Я гоню прочь мрачные мысли. Очень уж хорошо вокруг, хочется, чтобы так было всегда. Может быть, если бы все люди почаще сталкивались с истинной красотой, научились понимать ее и ценить, они стали бы добрее, человечнее?
Я смотрю на Вардена: он сгорбившись стоит у самой воды, и с его черной спутавшейся бороды со звоном срываются в озеро большие блестящие капли. Он стоит неподвижно, взгляд его устремлен на ровную гладь. Понимает ли он прекрасное? В том, что он о чем-то задумался, я не сомневаюсь. Раз собака видит сны, почему же она не может думать? Хотя его глаза и прячутся в курчавой шерсти, он видит Красавицу, слышит птичий гомон. И не только видит и слышит, он еще и чует нечто мне недоступное. Легкий ветер принес из леса запахи, которые ему могут рассказать о многом. Я лишь ощущаю запах хвои и прелых листьев. Ну еще пробуждающейся после дождей грибницы. А может быть, все это лишь в моем воображении?

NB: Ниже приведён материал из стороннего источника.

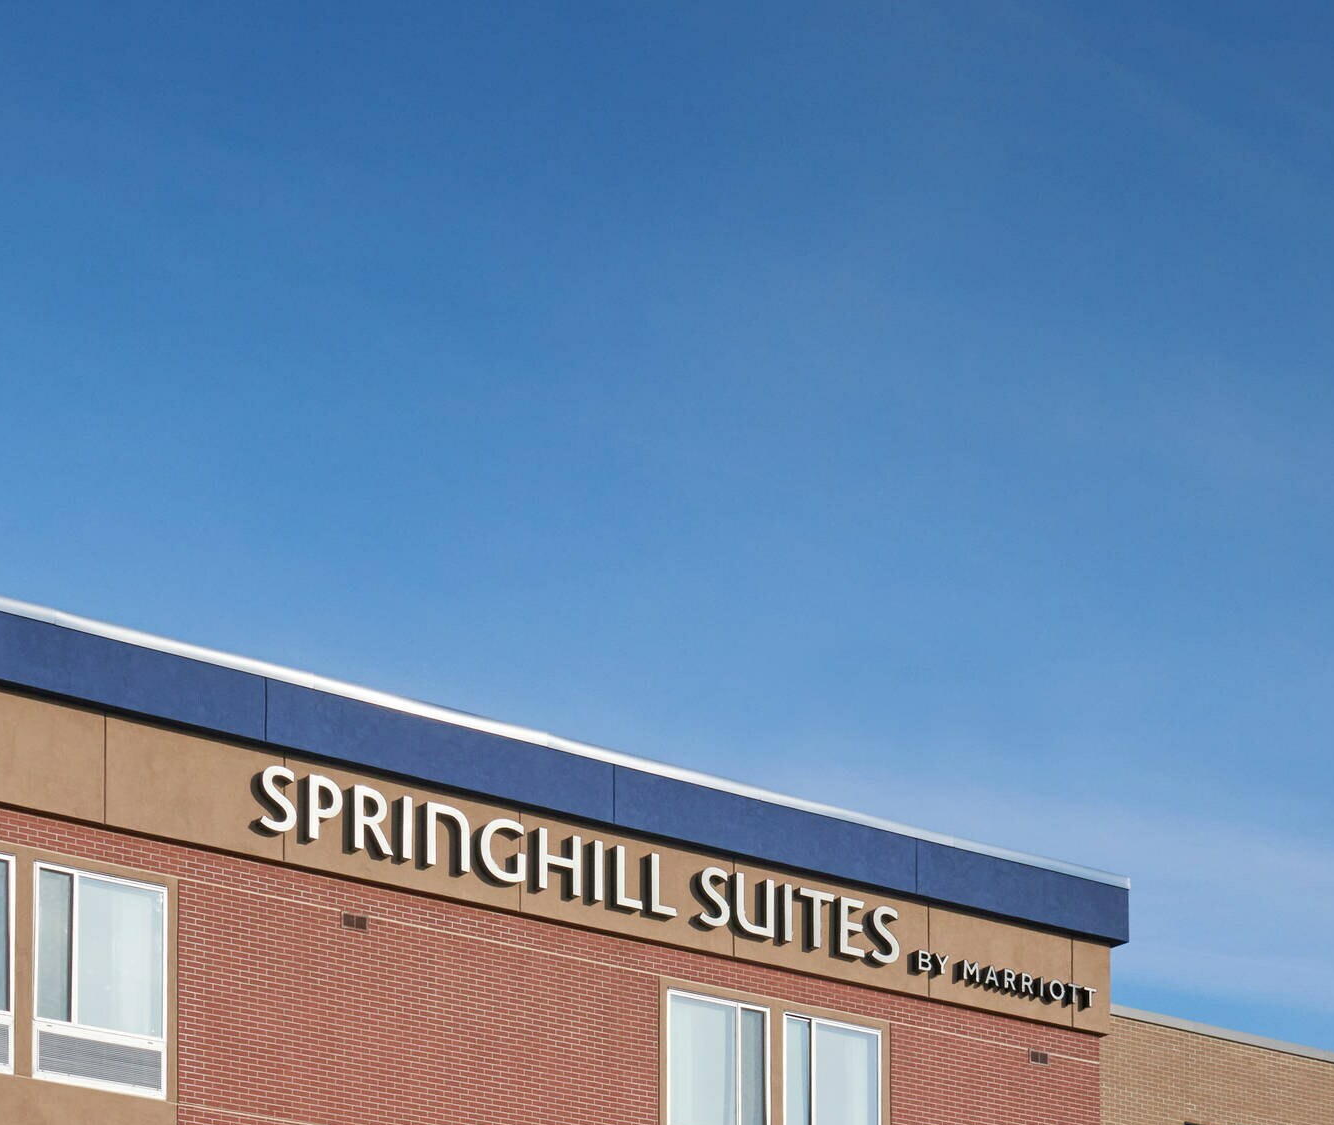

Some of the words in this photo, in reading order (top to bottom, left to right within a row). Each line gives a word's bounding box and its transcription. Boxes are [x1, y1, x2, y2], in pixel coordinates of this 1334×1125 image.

[257, 764, 678, 918] SPRINGHILL
[697, 866, 901, 965] SUITES
[917, 949, 950, 975] BY
[962, 959, 1098, 1009] MARRIOTT
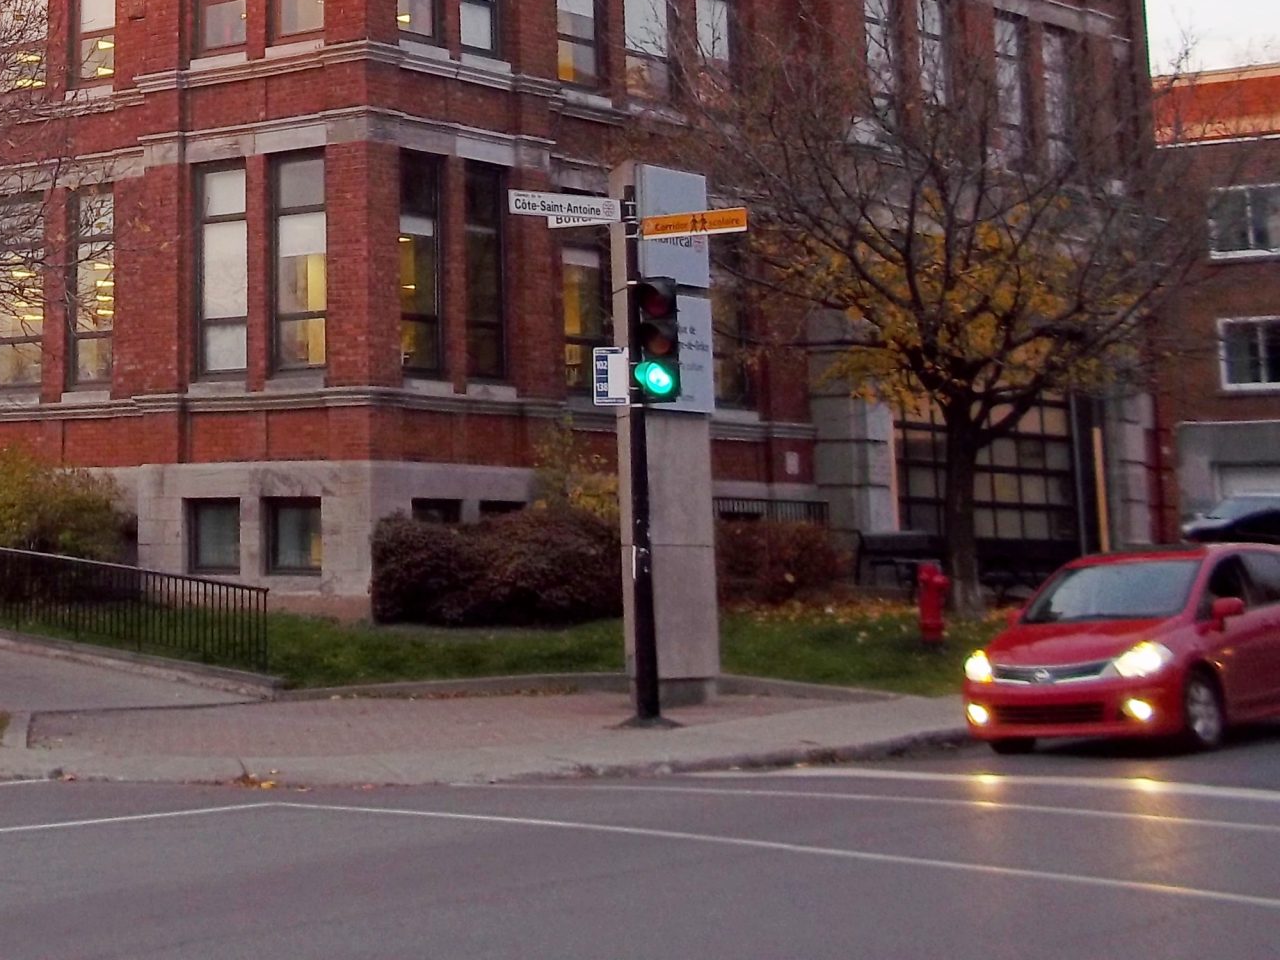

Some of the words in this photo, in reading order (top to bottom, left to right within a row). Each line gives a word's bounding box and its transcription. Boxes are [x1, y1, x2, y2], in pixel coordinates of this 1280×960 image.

Не хочется мне разбивать малахитовое зеркало, но придется: Варден в болоте испачкался, ему надо выкупаться. Сам он далеко не полезет в воду, нужна команда. Я ищу подходящую палку, а он, наклонив лобастую голову, наблюдает за мной. Он уже знает, что дальше последует. Потому и ждет у воды. Я швыряю палку, кричу: «Апорт!», и мой Варден с шумом бросается в треснувшее озеро. Плавает он неуклюже, черная голова двигается: Варден ищет палку и, как часто с ним бывает, проплывает мимо. Я подаю ему с берега советы, куда держать, он оттопыривает висячее ухо, значит прислушивается, но плывет по собственному разумению Пес он упрямый и не вернется без палки. А если не найдет, то, хитрец этакий, прихватит камышину или водоросль. Красиво смотрится плывущая собака на воде. Дышит он тяжело, с присвистом, иногда хамкает пастью, фыркает. Черная нашлепка носа торчит над водой, коричневые глаза поблескивают в свившейся колечками шерсти. За ним тянется широкий блестящий след.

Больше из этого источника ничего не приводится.